– Как? Вы что, считаете, что она лежала в папке? – Шон даже не пытался скрыть недоверие. – С какой бы стати ее туда засунули?

– Подожди, и я тебе объясню, – строго сказал я. Канеша уже и так ощетинилась на его тон, я не хотел сердить ее больше. – Можно мне еще раз взглянуть на папку?

Я протянул руку. Канеша снова передала мне папку, я поднес ее к глазам и как мог рассмотрел сквозь пакет, потом отдал обратно.

– Это архивная папка из антикоррозийной бумаги, – сказал я. – Именно в такой я бы сам хранил что-нибудь старинное и ценное.

– А ты видел, какого она размера? – не унимался Шон. – Не говори только, что туда можно затолкать книжку.

– И не нужно. Чтобы так же защищать книги, делают специальные коробки.

Я не успел ответить дальше на вопрос Шона, как Канеша задала собственный:

– А когда был издан «Тамерлан»?

– В 1827 году. По-моему, это точно, – я замолчал и мучительно постарался вспомнить подробности. – Это эпическая поэма страниц на сорок. Размер брошюры.

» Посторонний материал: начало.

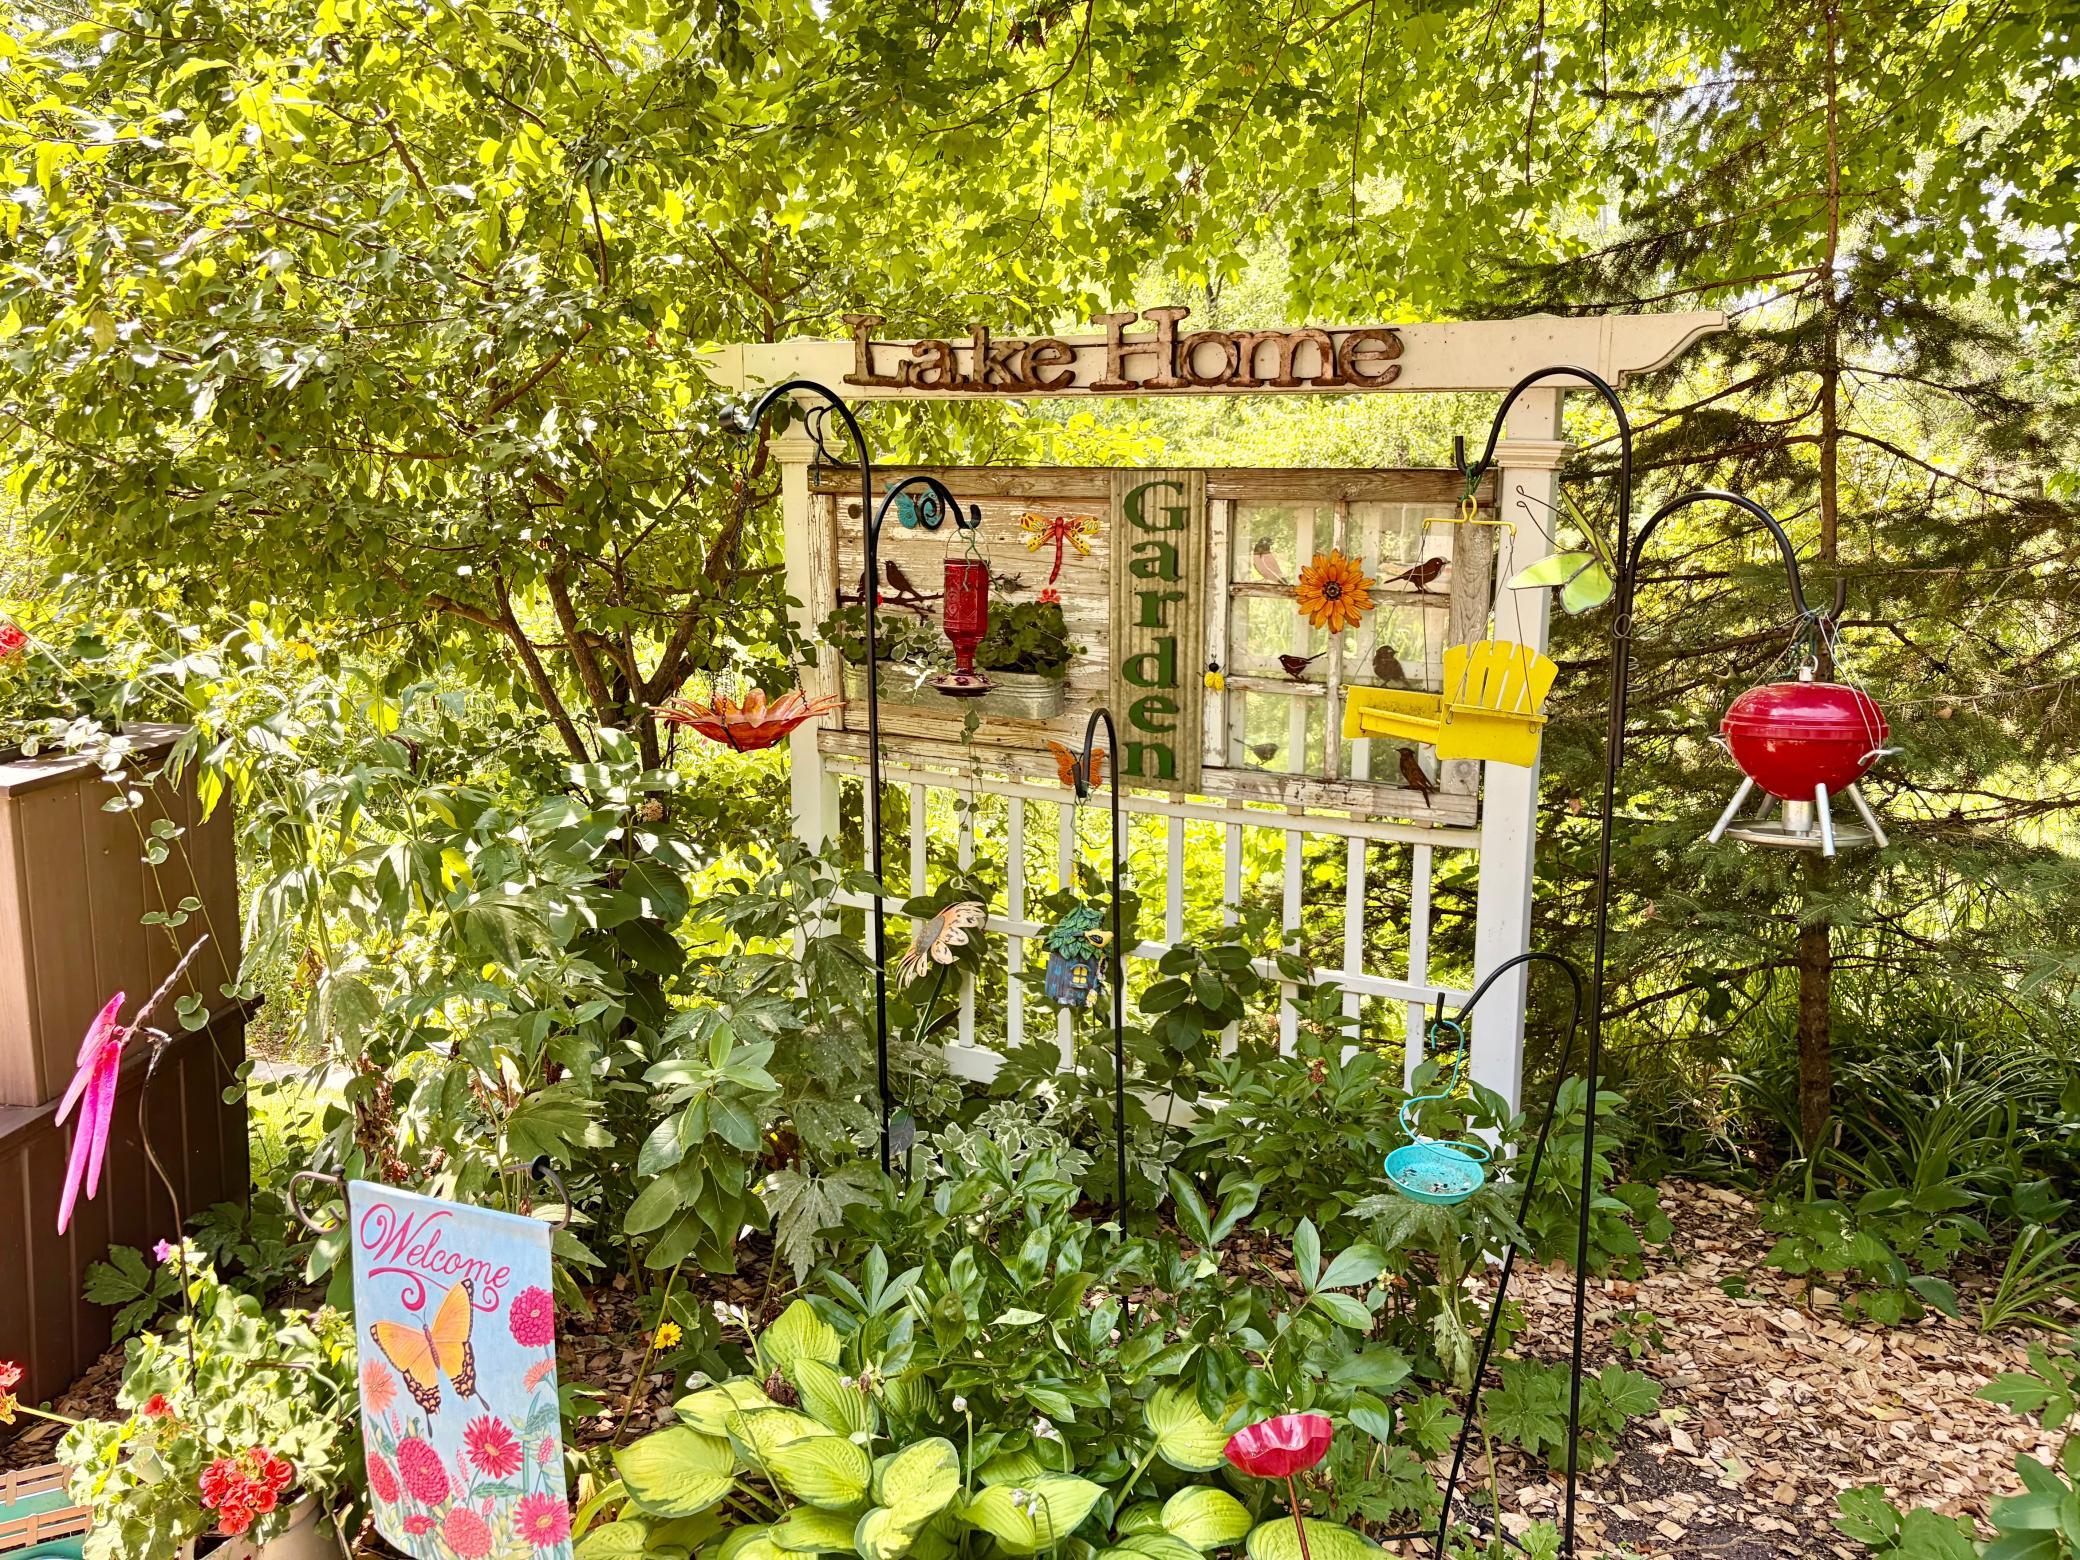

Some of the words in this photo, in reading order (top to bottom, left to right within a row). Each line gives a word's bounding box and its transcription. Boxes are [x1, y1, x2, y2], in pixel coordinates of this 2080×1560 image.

[842, 313, 1076, 392] Lake
[1090, 306, 1403, 392] Home
[1121, 482, 1187, 780] Garden
[360, 1203, 510, 1289] Welcome

Вот в такую архивную папку она поместится, – я припомнил еще кое-что. – Кроме «Тамерлана», там девять других стихотворений.

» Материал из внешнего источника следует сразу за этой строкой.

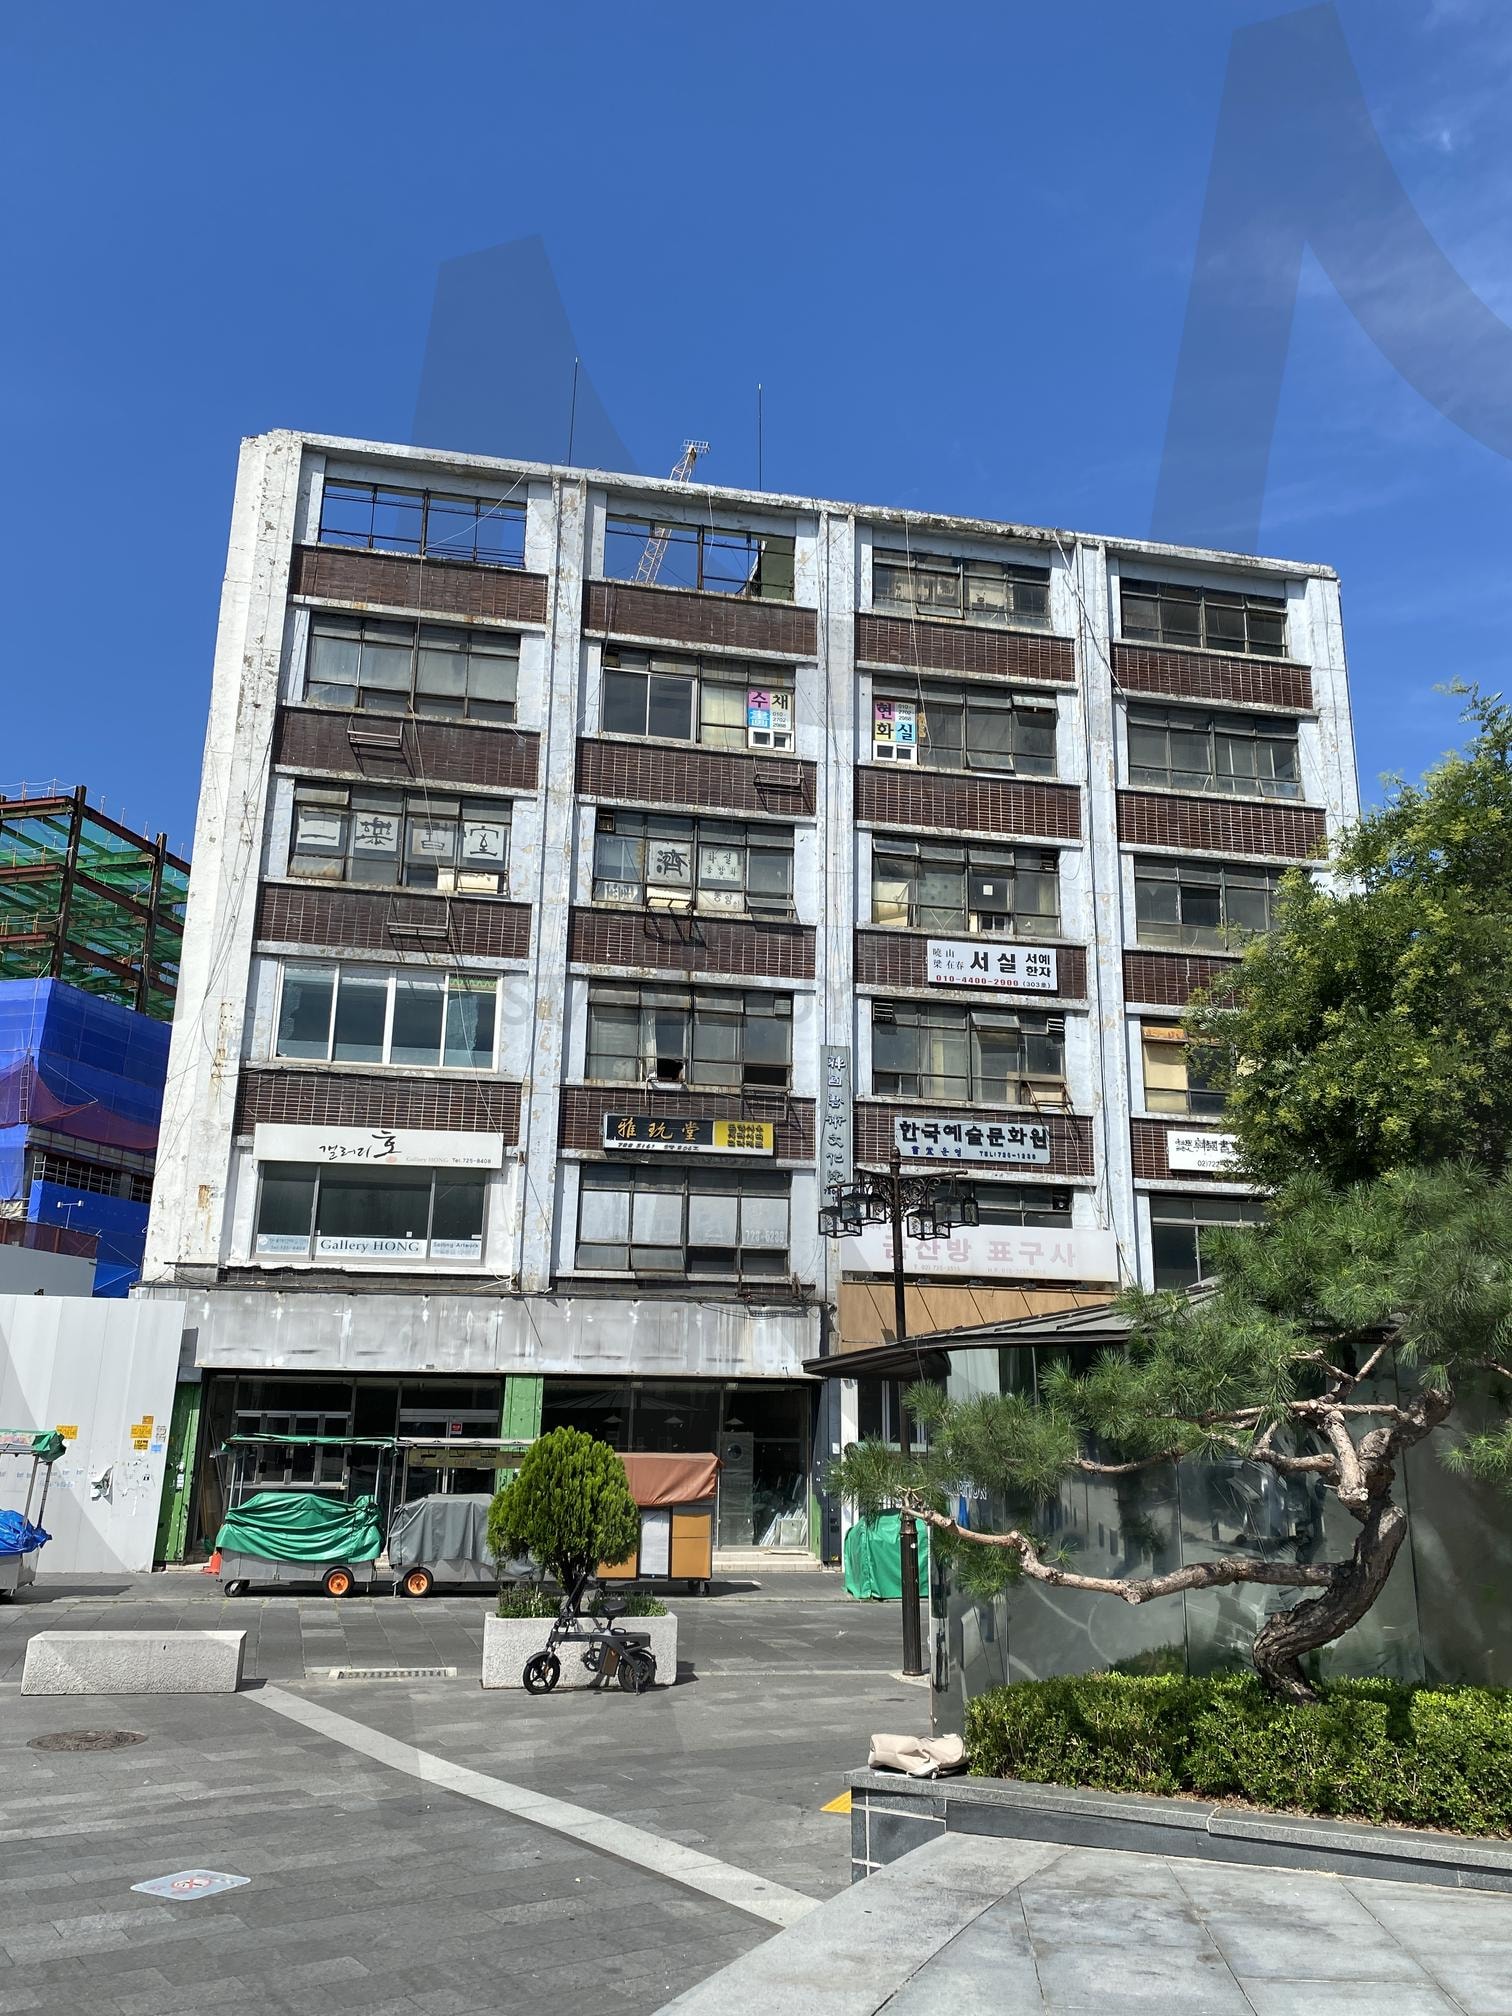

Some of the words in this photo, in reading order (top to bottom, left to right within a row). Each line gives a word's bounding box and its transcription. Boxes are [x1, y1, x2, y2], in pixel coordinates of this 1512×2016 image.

[751, 692, 788, 710] 수채
[877, 702, 892, 719] 현
[970, 951, 1016, 974] 서실
[1025, 953, 1050, 965] 서예
[1025, 966, 1051, 977] 한자
[899, 1120, 1048, 1150] 한국예술문화원
[319, 1143, 370, 1161] 갤러리
[320, 1239, 368, 1254] Gallery
[372, 1241, 420, 1252] HONG
[986, 1240, 1077, 1268] 표구사

– Надо же, сколько вы знаете про Эдгара По, – нехотя восхитилась Канеша. – Вам, наверное, по работе положено?

– Библиотекари вообще запоминают много разной информации, – я скромно улыбнулся. – Эта оказалась полезной, а бывает такая, что и не пригождается.

Шон рассмеялся:

– Не слушайте, как он прибедняется, шериф. Он просто кладезь знаний, если дело касается книг.

Я улыбкой поблагодарил сына за комплимент.

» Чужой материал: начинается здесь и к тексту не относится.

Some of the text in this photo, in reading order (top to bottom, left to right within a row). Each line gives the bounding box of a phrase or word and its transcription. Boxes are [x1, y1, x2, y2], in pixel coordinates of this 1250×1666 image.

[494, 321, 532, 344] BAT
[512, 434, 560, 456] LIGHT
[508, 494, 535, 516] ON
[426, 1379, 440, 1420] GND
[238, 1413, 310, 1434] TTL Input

– Значит, в папке, – сказал Шон, – и правда могла находиться эта брошюра.

– Да. Внутри обнаружены мельчайшие фрагменты бумаги. У писем края ровные, к тому же фрагменты совсем другого цвета, – Канеша пожала плечами. – Но придется ждать, пока их исследуют в полицейской лаборатории штата и скажут, сколько им лет.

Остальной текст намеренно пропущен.